1) La loi du 31 janvier 2007 oblige le gouvernement à organiser « une concertation préalable avec les organisations syndicales » pour tout projet de réforme concernant le droit du travail, avec l’objectif de « diagnostics partagés » et d’un « calendrier » de discussions commun. De même, dans le texte sur les « principes communs de flexisécurité » adopté par le sommet européen du 14 décembre, par exemple, on peut lire : « La flexisécurité exige un climat de confiance et un vaste dialogue entre tous les intéressés, dans lequel tous sont prêts à assurer la responsabilité du changement (…).
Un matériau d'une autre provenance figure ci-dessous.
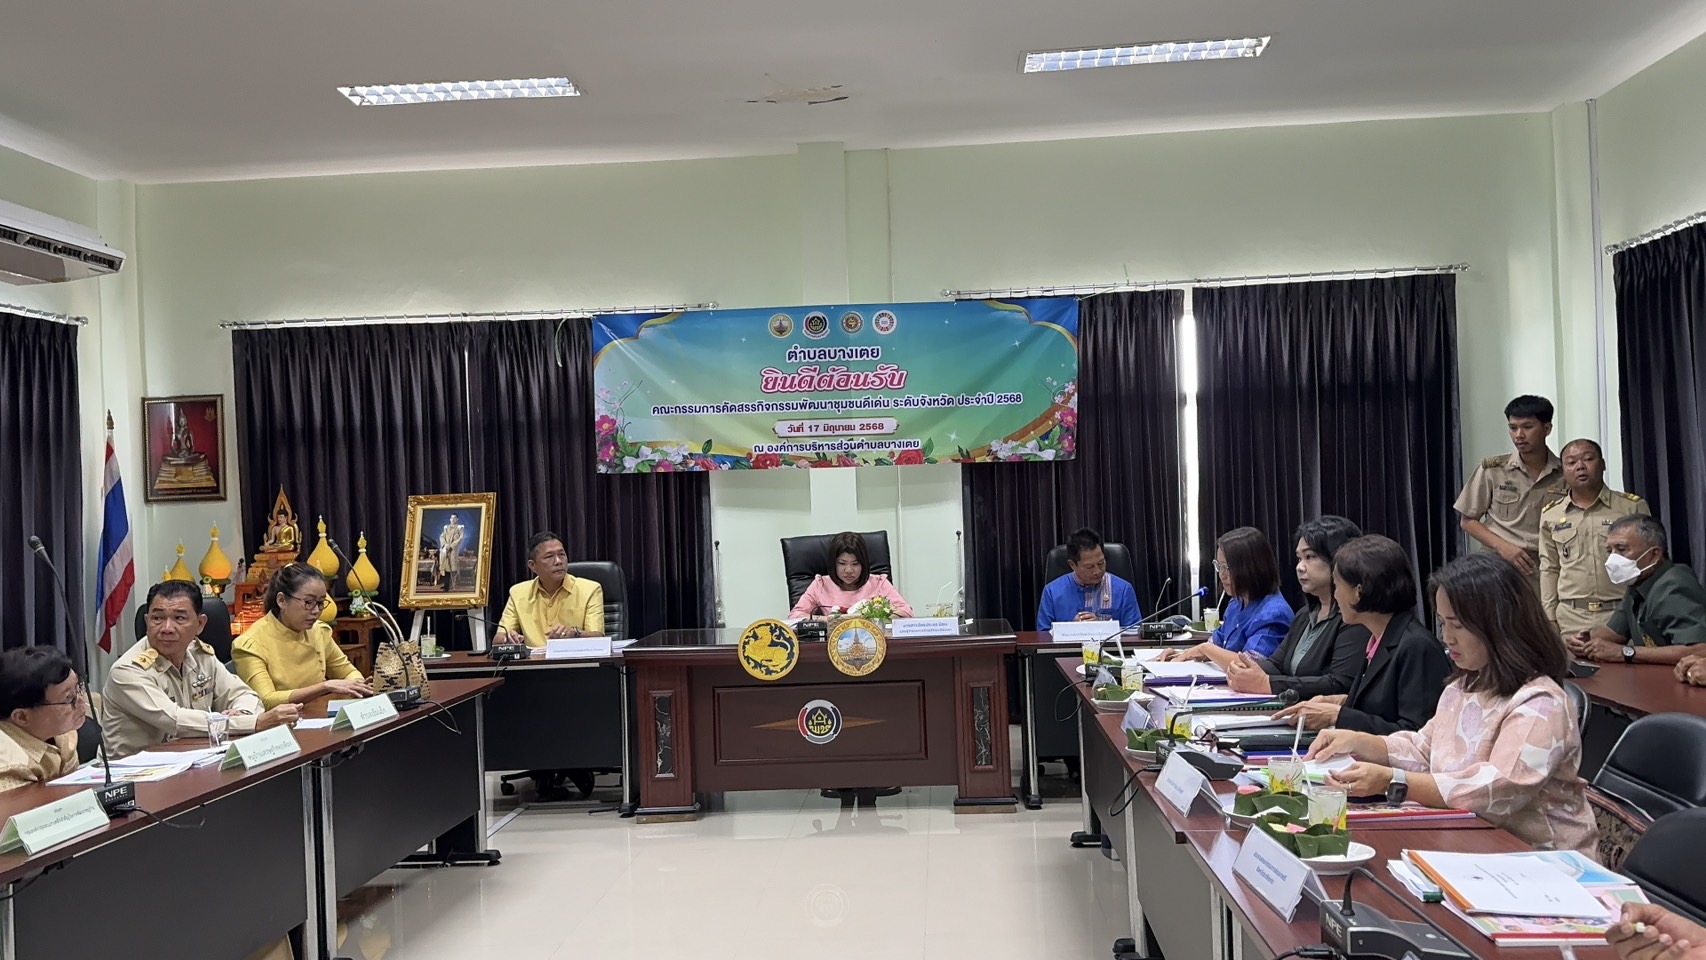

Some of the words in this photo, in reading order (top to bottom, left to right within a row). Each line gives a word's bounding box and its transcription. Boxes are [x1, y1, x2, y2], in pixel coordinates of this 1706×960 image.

[787, 345, 880, 361] ตำบลบางเตย
[760, 364, 907, 392] ยินดีต้อนรับ
[652, 396, 890, 414] คณะกรรมการคัดสรรกิจกรรมพัฒนาชุมชนดีเด่น
[893, 394, 955, 408] ระดับจังหวัด
[957, 393, 995, 406] ประจำปี
[997, 393, 1022, 404] 2568
[787, 422, 804, 433] วันที่
[808, 424, 820, 432] 17
[823, 422, 856, 434] มิถุนายน
[859, 422, 885, 431] 2568
[754, 444, 764, 453] ณ
[768, 439, 920, 453] องค์การบริหารส่วนตำบลบางเตย
[105, 786, 128, 799] NPE
[1325, 912, 1343, 938] NPE
Si les autorités publiques ont une responsabilité générale en la matière, l’action des partenaires sociaux dans la conception et la mise en œuvre des politiques de flexisécurité, à travers le dialogue social et les négociations collectives, est d’une importance capitale. »

2) L’accord est consultable sur le site http://www.cfdt.fr/telechargement/cfdt_action/negociations/2008_11_01_texte_accord.pdf

3) Notons d’ailleurs que la CGT, certes non signataire de l’accord, ne critique pas du tout cet aspect.

4) Cité par Paul Lafargue, Le Droit à la paresse, Maspero, 1969, p. 124.